Drosophila taste receptors reveal combinatorial and cross-modality functions. Erica Freeman1, Alice French2, Zev Wisotsky3, Frédéric Marion-Poll2,4, Anupama Dahanukar1,3,5. 1) Bioengineering Graduate Program, University of California, Riverside, CA; 2) INRA, Physiologie de l'Insecte: Signalisation et Communication, Versailles, France; 3) Neuroscience Program, University of California, Riverside, CA; 4) AgroParisTech, Départment Sciences de la Vie et Santé, Paris Cedex 05, France; 5) Department of Entomology, University of California, Riverside, CA.

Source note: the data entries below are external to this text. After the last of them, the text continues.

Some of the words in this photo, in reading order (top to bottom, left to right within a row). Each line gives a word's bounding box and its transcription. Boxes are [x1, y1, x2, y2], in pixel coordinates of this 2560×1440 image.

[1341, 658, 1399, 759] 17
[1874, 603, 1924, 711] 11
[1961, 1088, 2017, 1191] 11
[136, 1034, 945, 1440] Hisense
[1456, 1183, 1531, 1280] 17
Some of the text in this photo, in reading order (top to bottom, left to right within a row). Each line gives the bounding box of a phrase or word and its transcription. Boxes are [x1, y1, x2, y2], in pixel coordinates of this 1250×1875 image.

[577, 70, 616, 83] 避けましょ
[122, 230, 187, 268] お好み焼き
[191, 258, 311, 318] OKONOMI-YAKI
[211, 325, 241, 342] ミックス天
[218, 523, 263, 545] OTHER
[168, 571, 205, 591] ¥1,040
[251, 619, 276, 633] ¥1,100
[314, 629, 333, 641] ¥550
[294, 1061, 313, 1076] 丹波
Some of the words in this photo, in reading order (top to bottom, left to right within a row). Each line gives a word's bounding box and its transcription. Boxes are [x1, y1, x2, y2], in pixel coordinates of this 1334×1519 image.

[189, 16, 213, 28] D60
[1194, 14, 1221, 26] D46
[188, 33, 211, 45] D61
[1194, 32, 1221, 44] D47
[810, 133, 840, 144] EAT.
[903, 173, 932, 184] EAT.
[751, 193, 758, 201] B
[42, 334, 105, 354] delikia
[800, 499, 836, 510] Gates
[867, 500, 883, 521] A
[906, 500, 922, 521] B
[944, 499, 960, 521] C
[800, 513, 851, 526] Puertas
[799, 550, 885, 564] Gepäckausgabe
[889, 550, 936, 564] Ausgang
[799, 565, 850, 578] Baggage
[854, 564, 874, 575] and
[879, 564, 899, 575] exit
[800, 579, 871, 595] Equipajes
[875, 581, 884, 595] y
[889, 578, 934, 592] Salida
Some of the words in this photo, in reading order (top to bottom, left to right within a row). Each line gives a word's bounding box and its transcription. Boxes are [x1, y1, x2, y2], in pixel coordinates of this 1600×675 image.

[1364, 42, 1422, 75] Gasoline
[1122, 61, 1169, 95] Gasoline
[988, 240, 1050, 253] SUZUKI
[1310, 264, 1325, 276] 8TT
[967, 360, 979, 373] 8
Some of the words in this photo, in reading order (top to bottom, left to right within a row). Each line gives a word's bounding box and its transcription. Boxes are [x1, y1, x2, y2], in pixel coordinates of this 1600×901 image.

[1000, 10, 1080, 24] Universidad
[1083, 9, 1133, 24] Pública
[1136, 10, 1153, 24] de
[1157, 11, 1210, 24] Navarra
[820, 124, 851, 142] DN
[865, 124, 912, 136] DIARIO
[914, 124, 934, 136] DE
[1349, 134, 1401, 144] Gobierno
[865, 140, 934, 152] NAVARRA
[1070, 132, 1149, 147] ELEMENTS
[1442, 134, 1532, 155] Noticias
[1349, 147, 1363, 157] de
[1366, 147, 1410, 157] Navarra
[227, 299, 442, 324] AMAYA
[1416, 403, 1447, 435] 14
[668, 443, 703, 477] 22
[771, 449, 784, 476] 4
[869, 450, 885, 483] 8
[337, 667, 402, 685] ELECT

   Drosophila melanogaster use a highly diverse group of gustatory receptors (Gr) to taste the chemical world and determine the palatability of potential food sources. The 68 receptors of this family are expressed in complex combinatorial patterns in taste neurons. Of these, eight belong to a sub-family of putative sugar receptors, at least four of which have been directly linked to the detection of sweet compounds by genetic analysis. Here we use an ectopic expression system to identify that each sweet Gr protein serves as a determinant for recognition of unique but overlapping subsets of sweet tastants. Together with analysis of available Gr mutants, the ectopic response profiles suggest a model in which receptors act in combinations of two or more Gr subunits, each contributing to ligand recognition and specificity. Interestingly, we discover that sweet Grs are directly inhibited by bitter alkaloids, and individual Gr proteins display specificity for bitter antagonists. Recordings from Drosophila confirm that alkaloids can inhibit sugar responses of sweet taste neurons in a manner that is independent of their excitatory activity on bitter taste neurons. A comparison of sweet neuron responses in two species of mosquitoes, Anopheles gambiae and Aedes aegypti, suggests that such mechanisms of sweet receptor inhibition by bitter alkaloids may be evolutionarily conserved. Our results reveal combinatorial mechanisms for sweet and bitter ligand recognition by sweet taste receptors, and lay the foundation for further investigation of Gr function in Drosophila and other insects.